(DATASET EXTRACT)

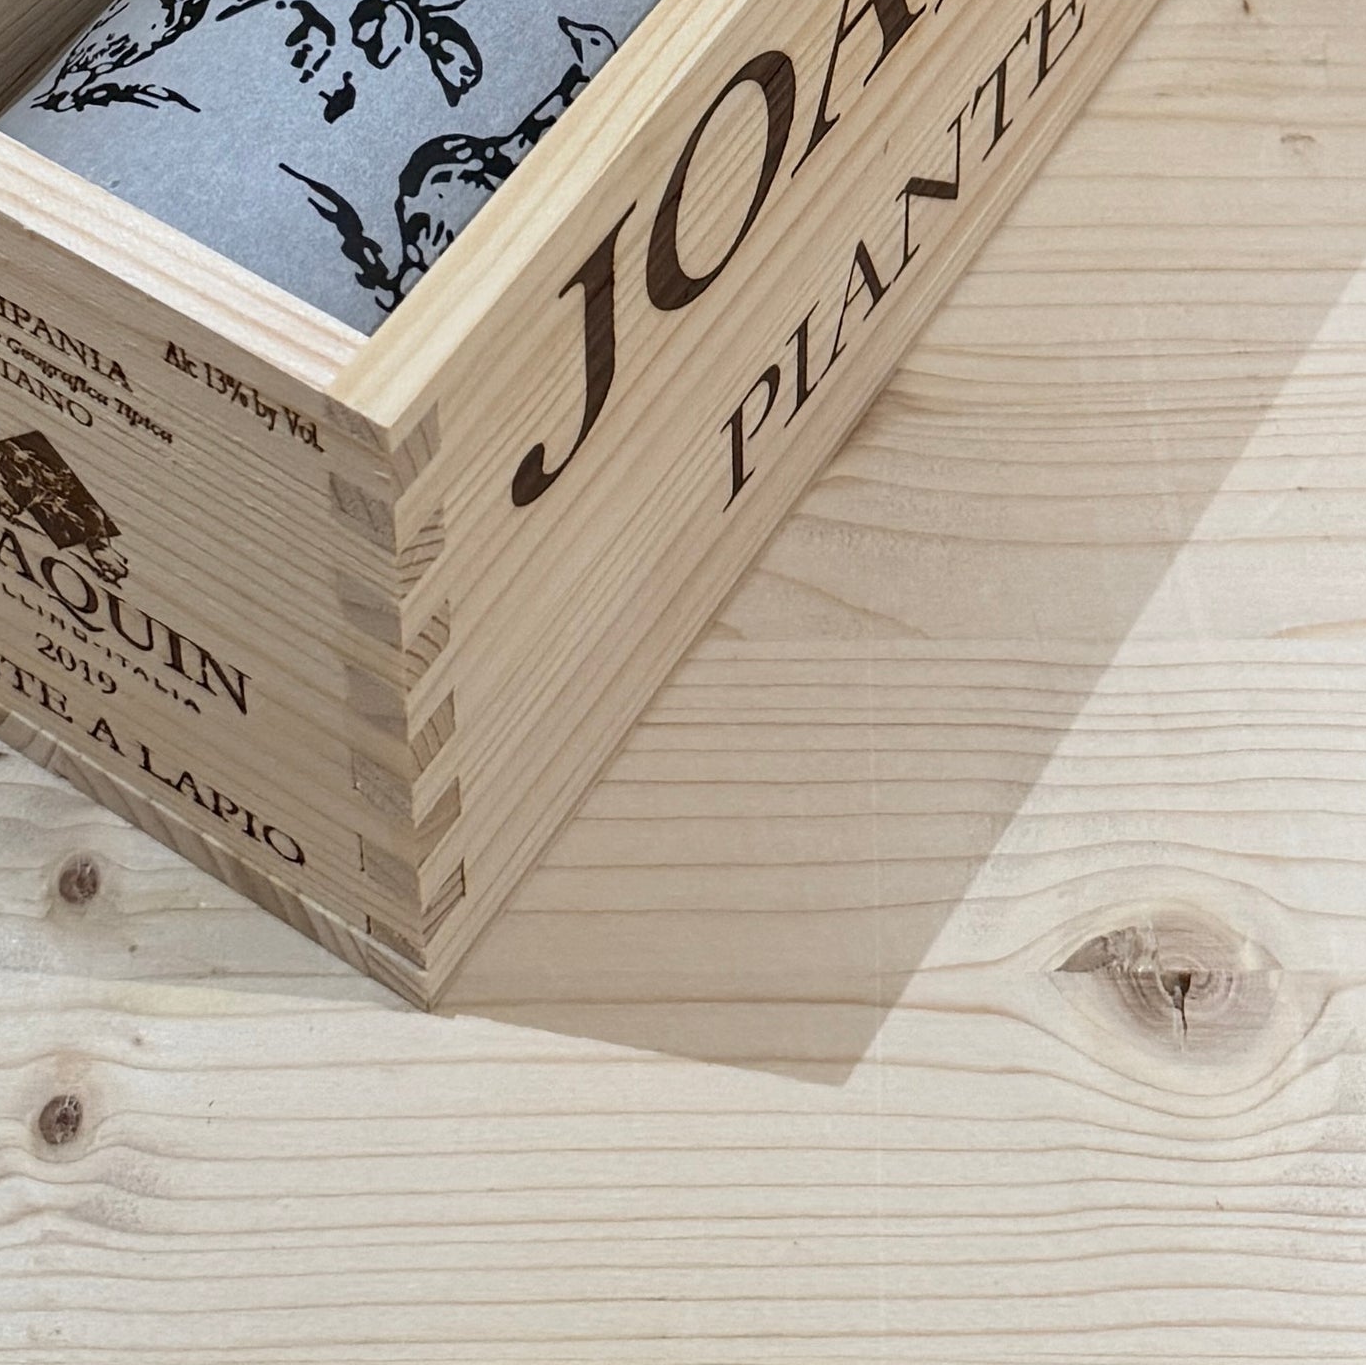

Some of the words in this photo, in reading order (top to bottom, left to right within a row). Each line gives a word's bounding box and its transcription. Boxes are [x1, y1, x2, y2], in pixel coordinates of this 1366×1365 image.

[6, 337, 109, 406] Geografica
[113, 397, 174, 445] Tipica
[202, 362, 249, 409] 13%
[251, 387, 279, 432] by
[36, 632, 118, 695] 2019
[87, 717, 126, 758] A
[135, 740, 307, 867] LAPIO

(End DATASET EXTRACT)

_TASK STATEMENT_
Pictures are to be left out; everything else in the records gets retyped exactly.

_WRITTEN ANSWER_
Some of the words in this photo, in reading order (top to bottom, left to right within a row). Each line gives a word's bounding box and its transcription. Boxes are [x1, y1, x2, y2], in pixel coordinates of this 1366×1365 image.

[6, 337, 109, 406] Geografica
[113, 397, 174, 445] Tipica
[202, 362, 249, 409] 13%
[251, 387, 279, 432] by
[36, 632, 118, 695] 2019
[87, 717, 126, 758] A
[135, 740, 307, 867] LAPIO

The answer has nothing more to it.